Last week I was skimming through a section of a shelf in my bedroom with kids’ paperbacks. Tucked in between novelized versions of It’s Your Move and My Bodyguard was Going Out! Going Steady! Going Bananas! The Bananas Dating Guide by Jovial Bob Stine (a 1979 classic that I didn’t originally possess but bought on Valentine’s Day 1999 at a thrift store on the Ridgewood-Bushwick border).
I love that wacky late 70s-early‘80s Dynamite magazine humor and Bob Stine (along with his wife Jane who frequently shared a byline) was the master of schlocky, silly Scholastic books you could mail-order through school like The Sick of Being Sick Book. I also subscribed to Children’s Digest (much less funny than Dynamite) some Girl Scout magazine that pissed me off by addressing their publication to Mr. Kristo Garcia and grown-up but nerdy, Games, which I had no idea was still in business and with the same ‘80s font.
Bananas was the humor magazine intended for teens (Hot Dog was for littler kids) so I never subscribed. It seemed a little too old for me, like it was of an era I’d just missed out on, similar to hearing bands like Rush, Kiss or Pink Floyd when I was more attuned to Hall & Oates. That was the kind of music a male babysitter would be into (yes, I had a few boy sitters, and they most definitely weren’t mannies).
Even though I lived through a majority of the ‘70s, I feel more affinity for the ‘80s. However, that doesn’t mean I want to listen to music from the decade while trying to have a good time. (Which brings up New Year’s Eve speculation—I’ve been inexplicably angered with parties for at least the past three years when Nu Shooz or Michael Jackson start playing. Right now my only options are—well, staying out of Williamsburg is a given—leaving town or hosting my own ‘80s-free party.)

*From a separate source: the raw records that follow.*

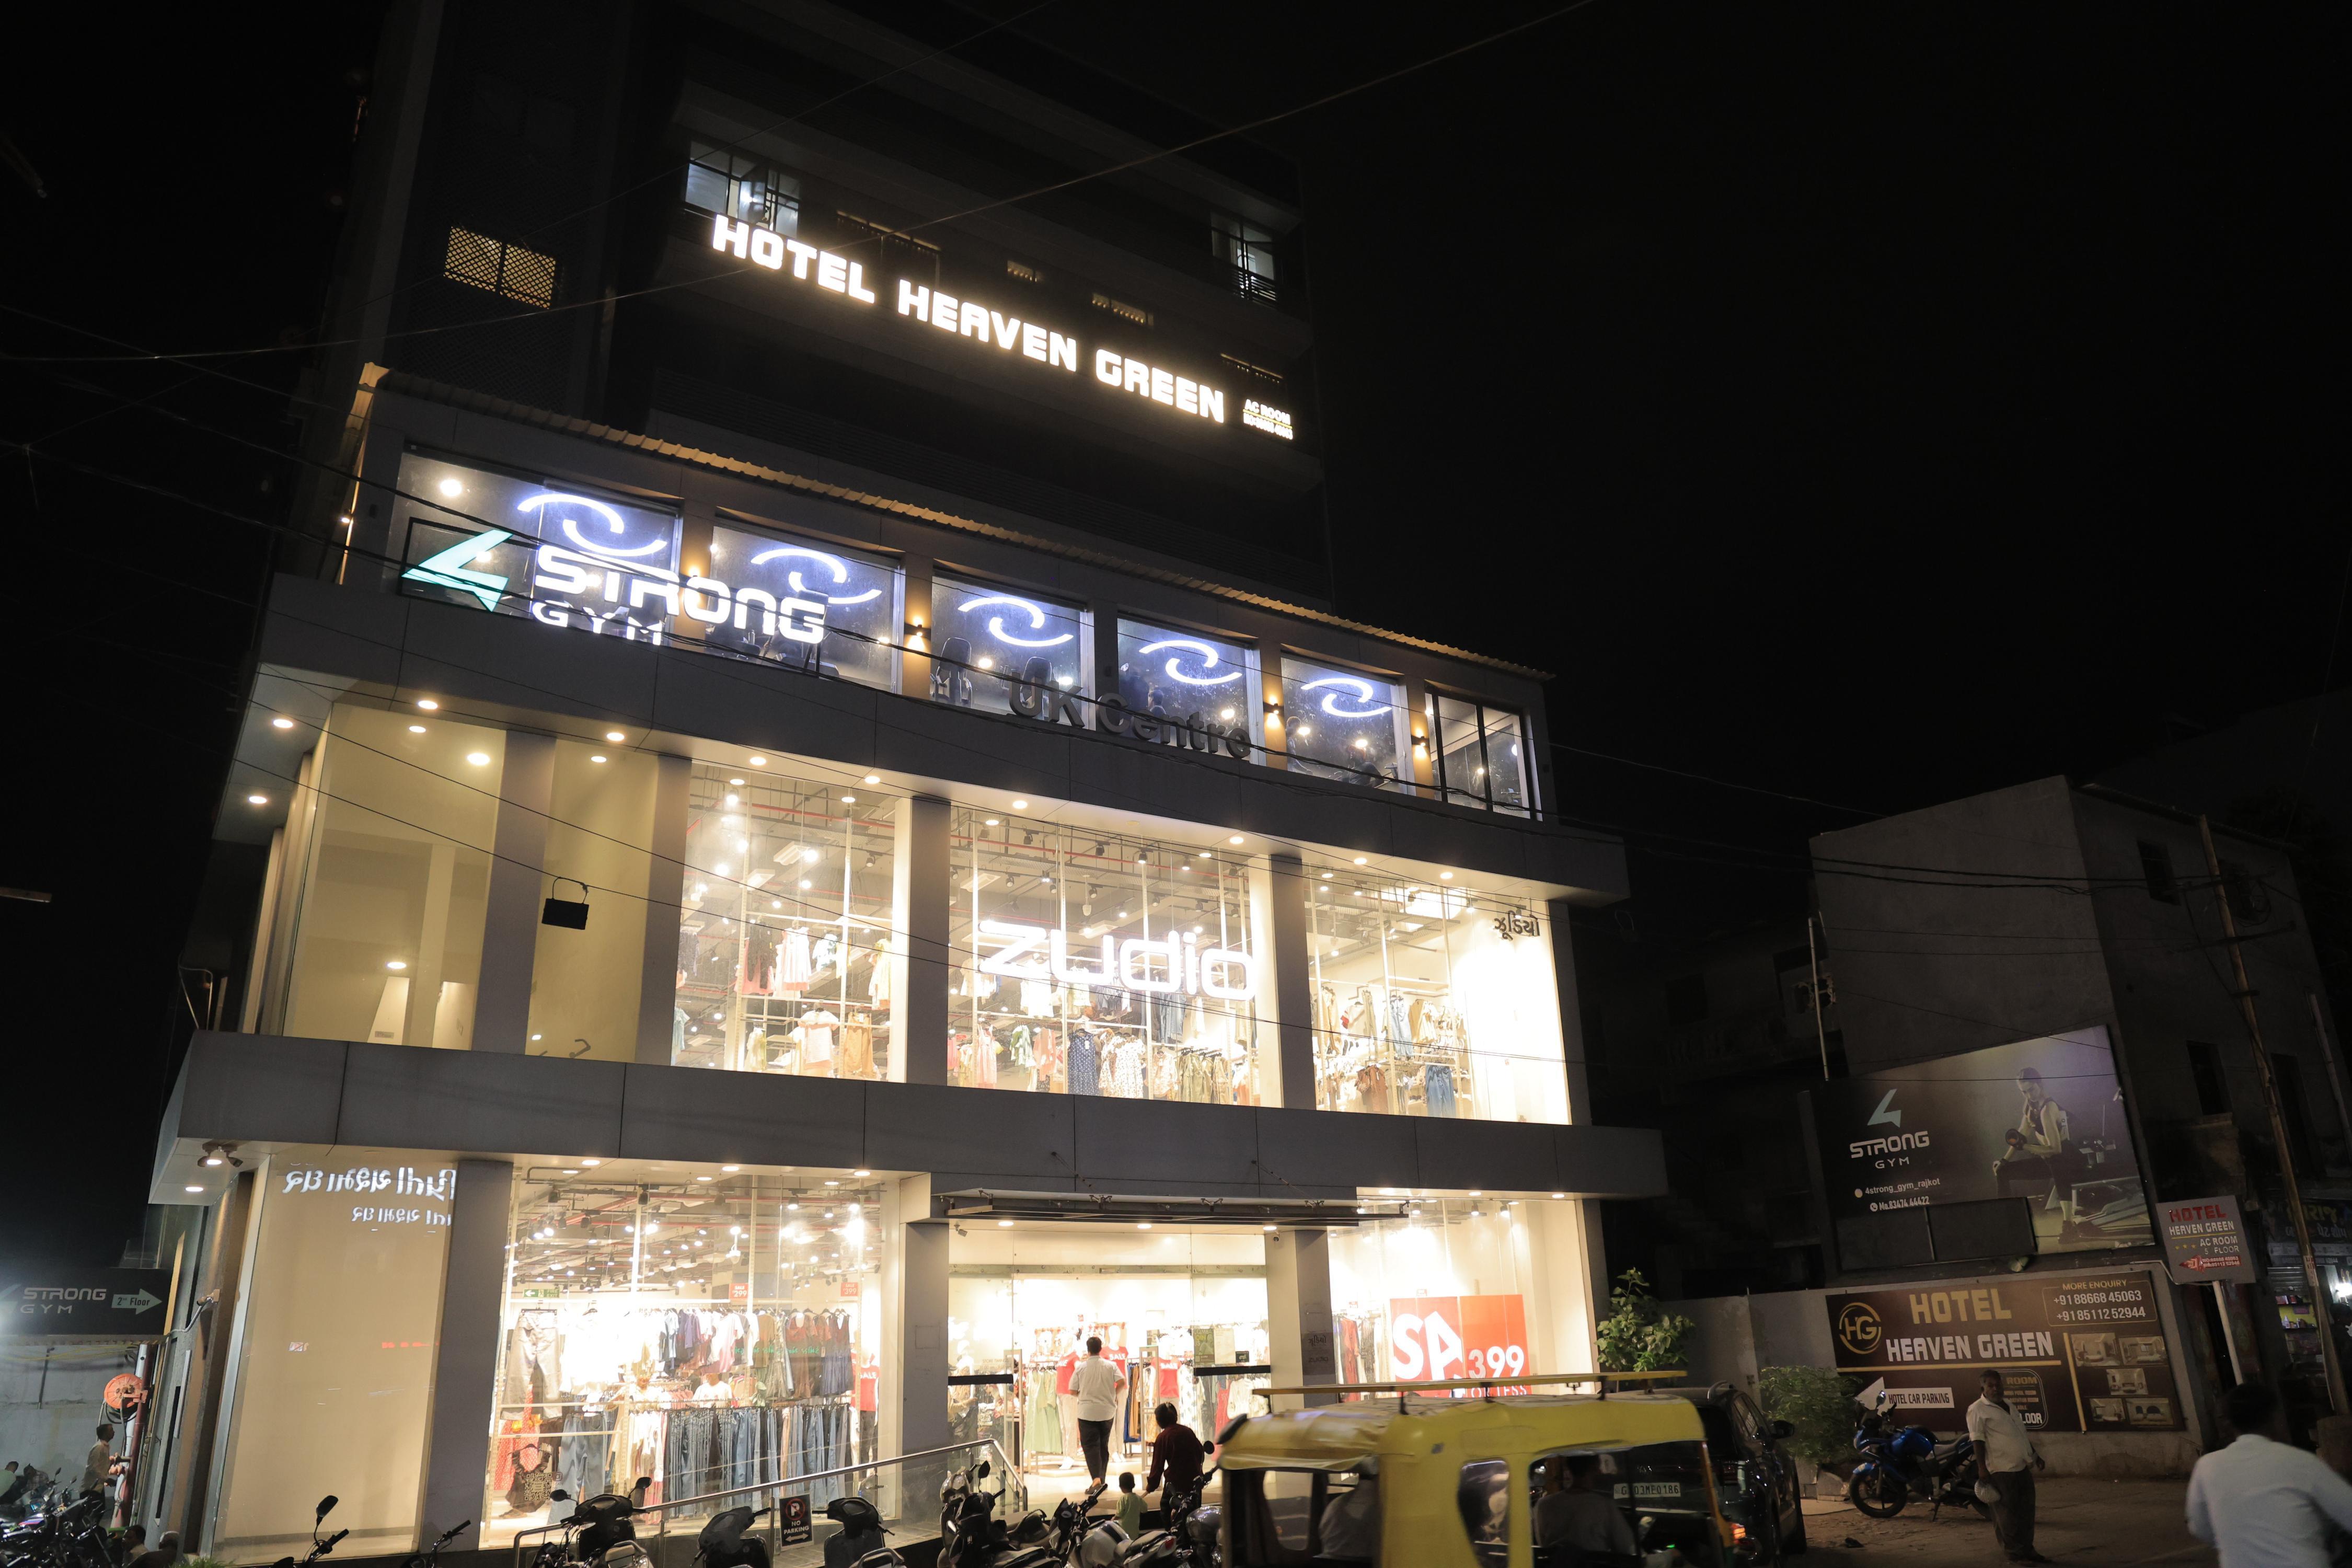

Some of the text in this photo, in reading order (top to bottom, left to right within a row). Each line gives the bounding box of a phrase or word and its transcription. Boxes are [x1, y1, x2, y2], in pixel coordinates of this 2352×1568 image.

[712, 214, 1224, 423] HOTEL HEAVEN GREEN
[535, 546, 829, 644] STRONG
[532, 602, 662, 645] GYM
[1008, 672, 1251, 759] UK Centre
[1850, 1131, 1930, 1159] STRONG
[1875, 1157, 1909, 1169] GYM
[1865, 1178, 1941, 1194] 4strong_gym_rajkot
[2169, 1205, 2228, 1223] HOTEL
[2169, 1221, 2234, 1236] HEAVEN GREEN
[2213, 1236, 2238, 1245] ROOM
[2062, 1279, 2127, 1290] MORE ENQUIRY
[23, 1287, 107, 1300] STRONG
[130, 1297, 151, 1306] Floor
[1909, 1288, 2012, 1324] HOTEL
[20, 1305, 73, 1314] GYM
[2112, 1306, 2146, 1318] 52944
[1886, 1331, 2054, 1362] HEAVEN GREEN
[1888, 1393, 1950, 1404] HOTEL CAR PARKING
[2020, 1413, 2043, 1424] LOOR
[1621, 1485, 1679, 1495] G03ME0186
[784, 1526, 809, 1535] PARKING
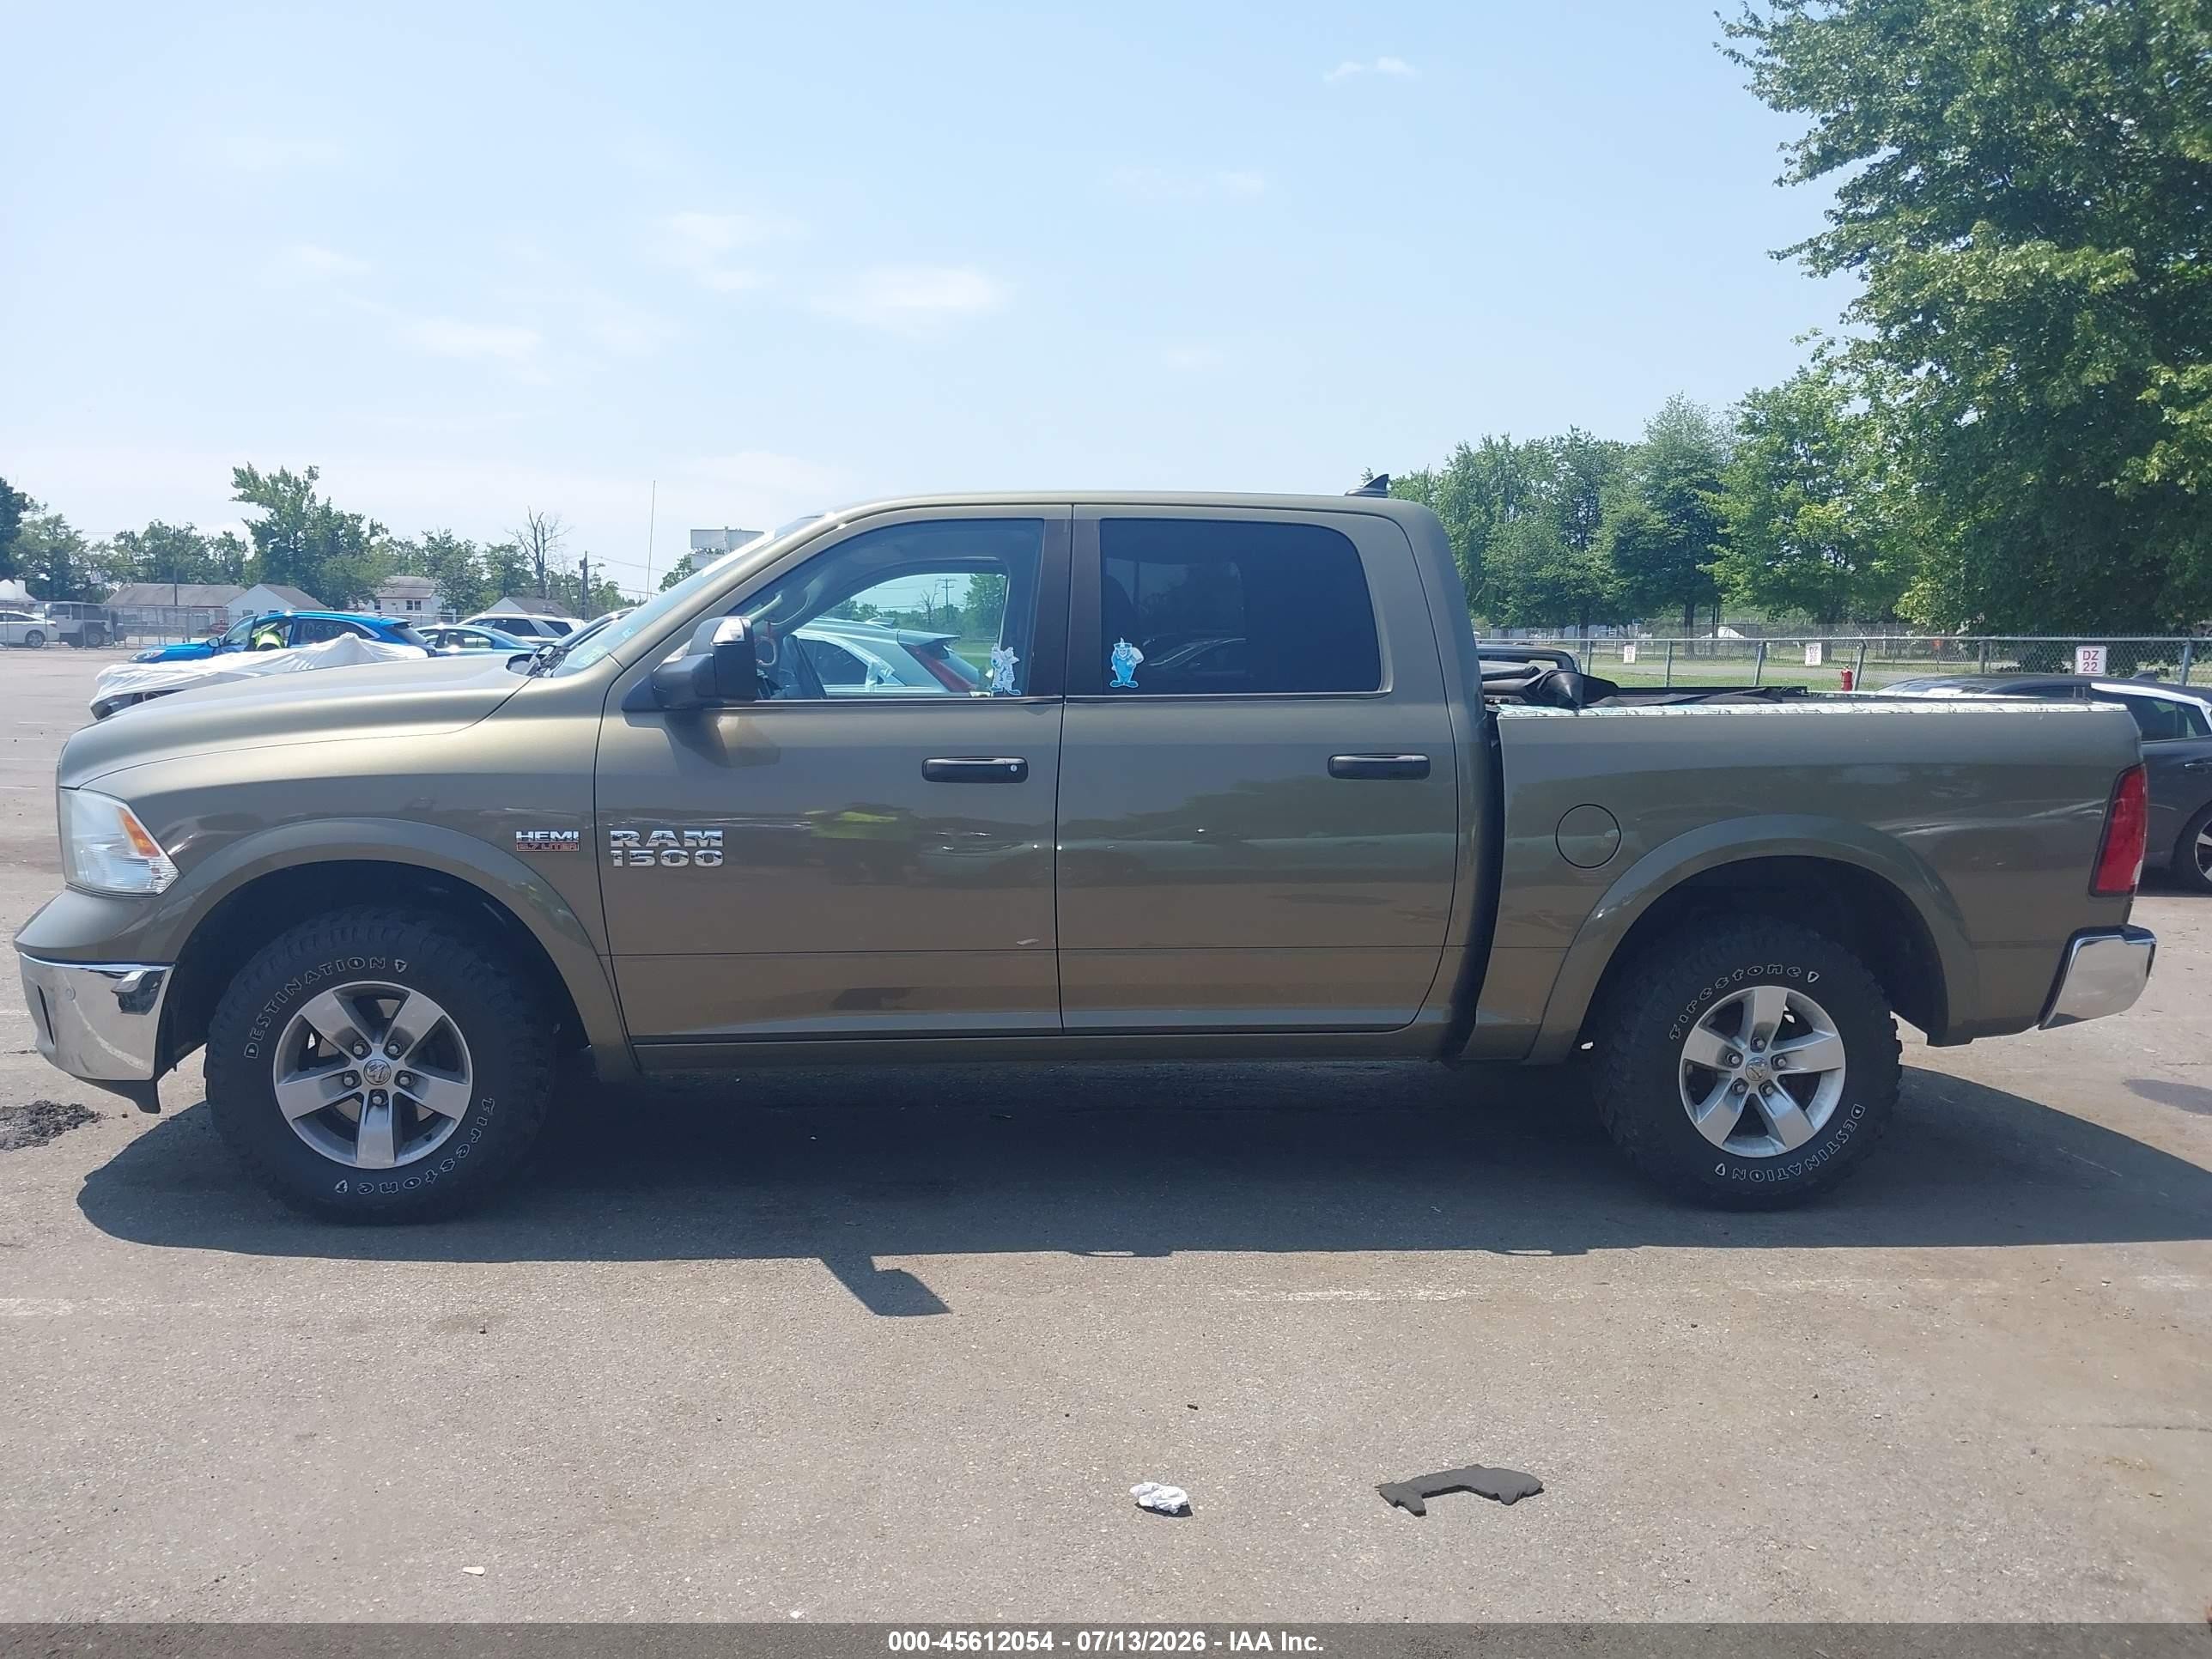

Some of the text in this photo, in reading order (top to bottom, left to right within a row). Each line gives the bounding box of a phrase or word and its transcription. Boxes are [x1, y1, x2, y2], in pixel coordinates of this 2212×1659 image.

[2082, 650, 2100, 660] DZ
[2082, 661, 2098, 672] 22
[515, 830, 580, 842] HEMI
[610, 830, 724, 848] RAM
[611, 849, 724, 867] 1500
[244, 956, 386, 1059] DESTINATION
[1732, 1103, 1866, 1182] DESTINATION

I couldn’t help but wonder whatever became of Jovial Bob Stine. The whole jokey, zany aesthetic seems totally incongruous to demanding fickle tastes of ‘90s and ‘00s youth. How does a YA author stay relevant? I figured he’d faded into obscurity. So, I Googled him…and what the fuck? Jovial Bob Stine is R.L. Stine?! That guy is totally a gazillionaire. The Goosebumps and Fear Street series were insane successes.
I only know this peripherally because by the time these books came out I was an adult who didn’t read kiddie lit anymore. I still refuse to read Harry Potter. Obviously the switch from humor to horror was the right move. In his online bio he even notes the demarcation, “In 1986, R.L. turned scary!” He was 46 before he hit his professional stride, so perhaps there’s hope for all the flounderers of the world.